Top of Records provided

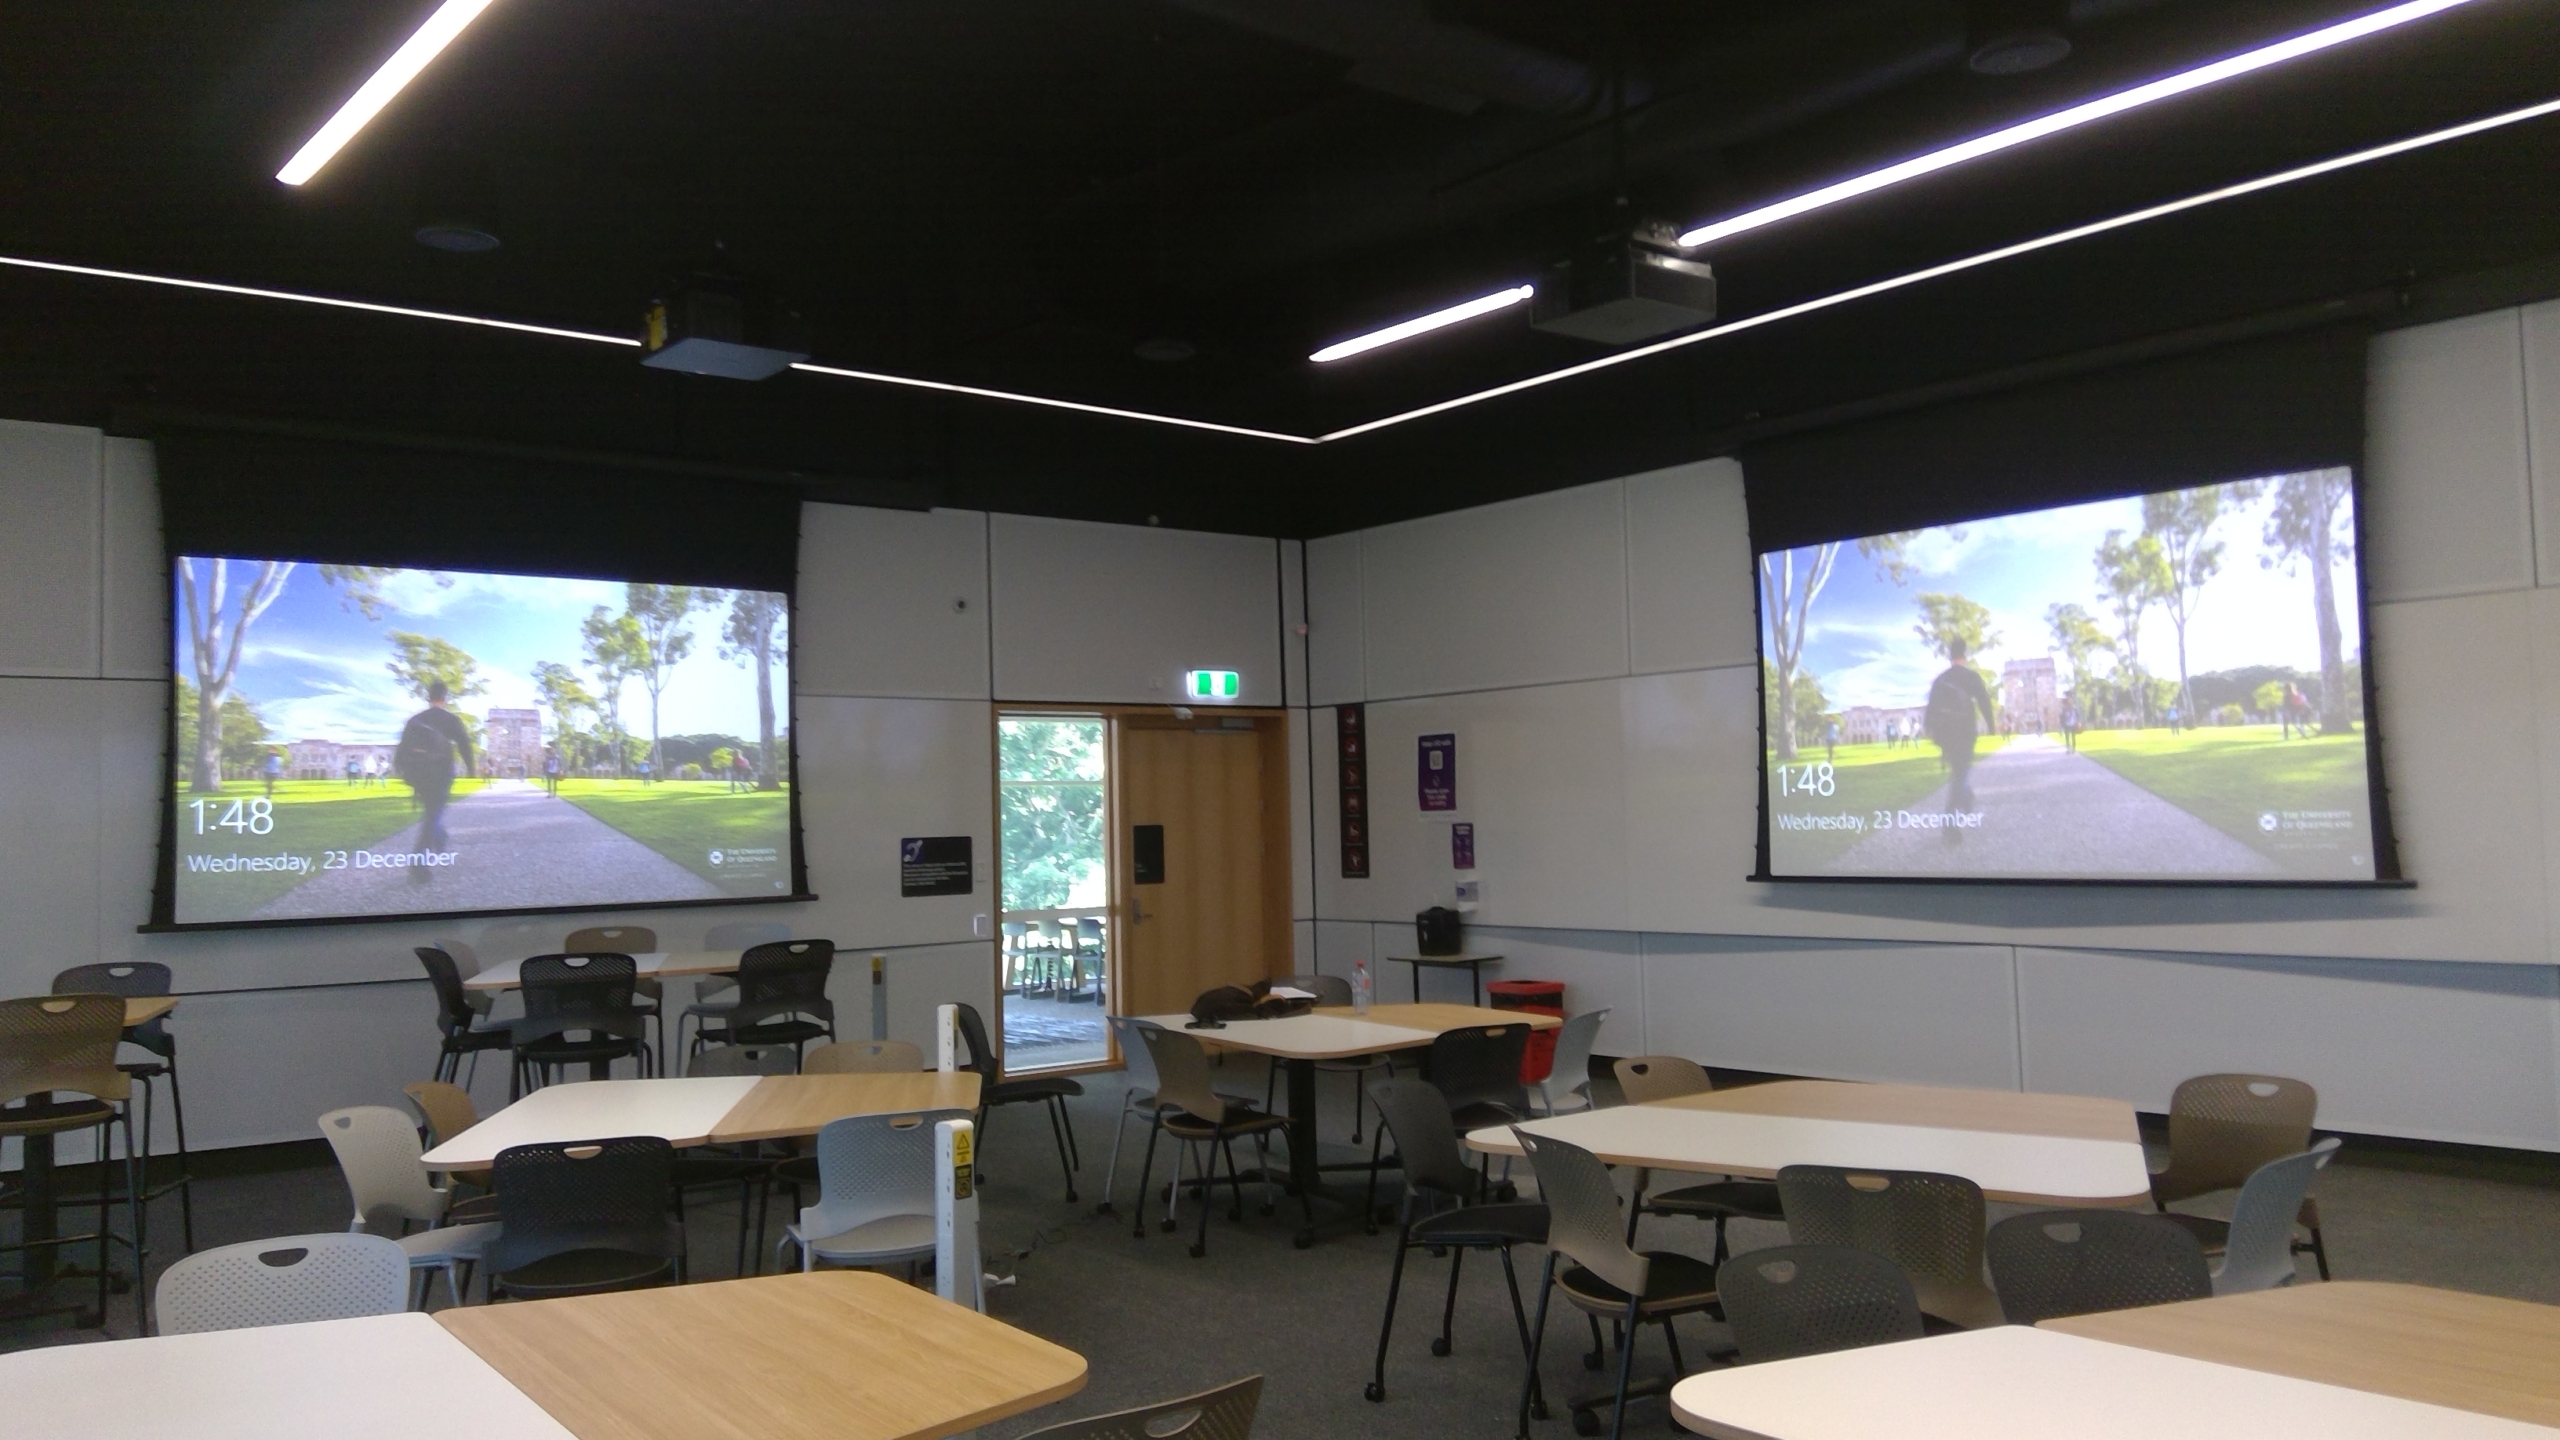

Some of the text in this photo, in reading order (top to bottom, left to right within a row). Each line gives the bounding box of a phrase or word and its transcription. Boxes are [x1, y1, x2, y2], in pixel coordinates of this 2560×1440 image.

[1777, 762, 1835, 797] 1:48
[189, 798, 274, 835] 1:48
[1777, 809, 1983, 834] Wednesday, 23 December
[188, 849, 459, 875] Wednesday, 23 December

Bottom of Records provided

Task details >>
Give back the material above exactly as written, but omit the images.

Solved problem >>
Some of the text in this photo, in reading order (top to bottom, left to right within a row). Each line gives the bounding box of a phrase or word and its transcription. Boxes are [x1, y1, x2, y2], in pixel coordinates of this 2560×1440 image.

[1777, 762, 1835, 797] 1:48
[189, 798, 274, 835] 1:48
[1777, 809, 1983, 834] Wednesday, 23 December
[188, 849, 459, 875] Wednesday, 23 December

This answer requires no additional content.